Voters may recall the Rick Scott promise four years ago, when he campaigned on being "the 700,000 jobs governor". Then, the state's economy was staggering from the housing crash -- the result of policies born from the overstimulation of the banking and construction sectors by Bush administrations in Washington and Tallahassee.
Of jobs created in Florida during the Scott term, a significant percentage are low paying jobs in the service sector. Yes, there are bright spots (some, like coastal Miami's construction boom are tied to a new wave of speculation by foreign investors), but most Florida voters -- a subset of most most Floridians -- are still stuck in a torpid whirlpool.
Democrats talk about that whirlpool. How wages have dropped or stagnated at the lower end while wealth massively concentrates at the upper reaches. Republicans don't. Democrats talk about inequities. Republicans talk about outsiders who threaten the homeland. If your net worth is high enough, like that of Gov. Scott and former Gov. Jeb Bush, you can escape its centrifugal force. But the sense of not moving, economically speaking, is what should drive voters to the polls and ask for change.

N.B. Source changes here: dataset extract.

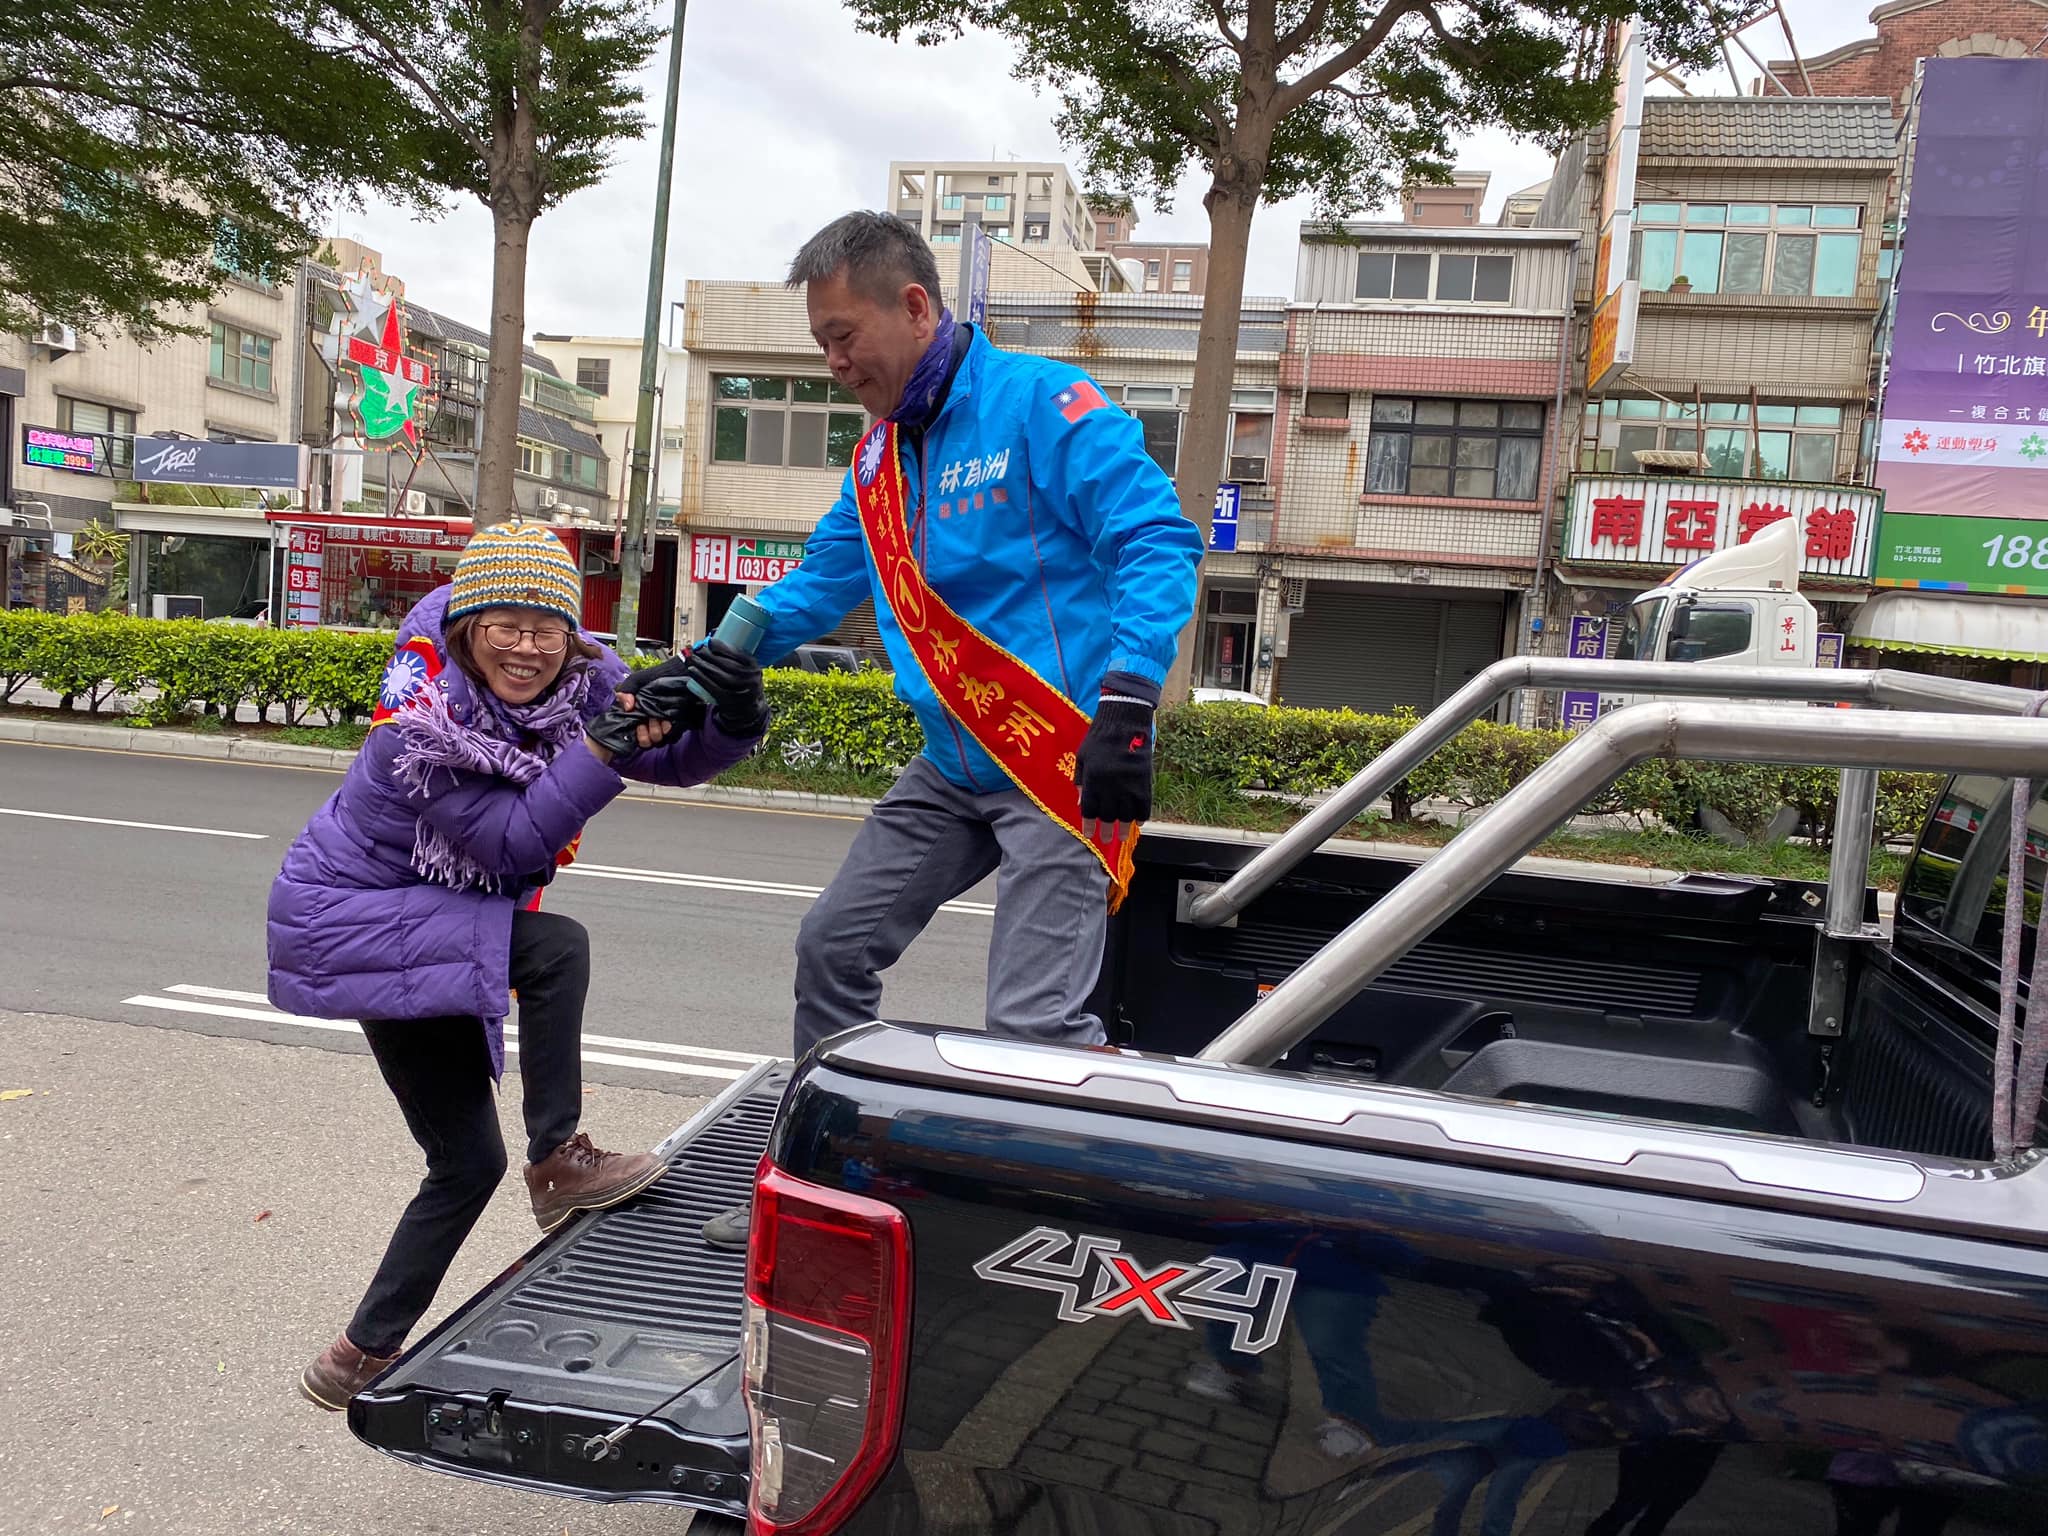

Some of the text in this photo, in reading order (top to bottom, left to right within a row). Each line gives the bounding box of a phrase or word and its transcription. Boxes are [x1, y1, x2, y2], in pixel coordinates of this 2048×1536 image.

Scott inherited a legacy of making facts fit predetermined outcomes. When he arrived in Tallahassee four years ago, he had never held public office. He had no network, especially among Republican insiders who mistrusted his self-funded campaign. Rick Scott brought to Tallahasee his luggage and business skills and not much else. The new governor had nowhere to turn except to the network of professionals and insiders that Jeb Bush had carefully assembled before Charlie Crist politely held them at bay.

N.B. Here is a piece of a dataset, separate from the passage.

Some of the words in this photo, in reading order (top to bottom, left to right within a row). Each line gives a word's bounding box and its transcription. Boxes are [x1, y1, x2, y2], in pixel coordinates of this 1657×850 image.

The Tampa Bay Times published an excellent editorial on Gov. Rick Scott's dismal record, making the same points we have on this blog about trashing Florida's environment:
Scott has bulldozed a record of environmental protection that his Republican and Democratic predecessors spent decades building. He weakened the enforcement of environmental laws and cut support for clean water, conservation and other programs. He simultaneously made it easier for the biggest polluters and private industries to degrade the state's natural resources. While the first-term Republican attempts to transform himself into an environmentalist during his re-election campaign, his record reflects a callous disregard for the state's natural resources and no understanding of how deeply Floridians care about their state's beauty and treasures.
A vote for Charlie Crist is a vote against the cronyism that has state government in a vise-grip. Florida can't afford another four more years of Rick Scott.
1 comment:
Rick Scott and his lobbyist cronies have picked apart Florida and its assets like vultures on roadkill.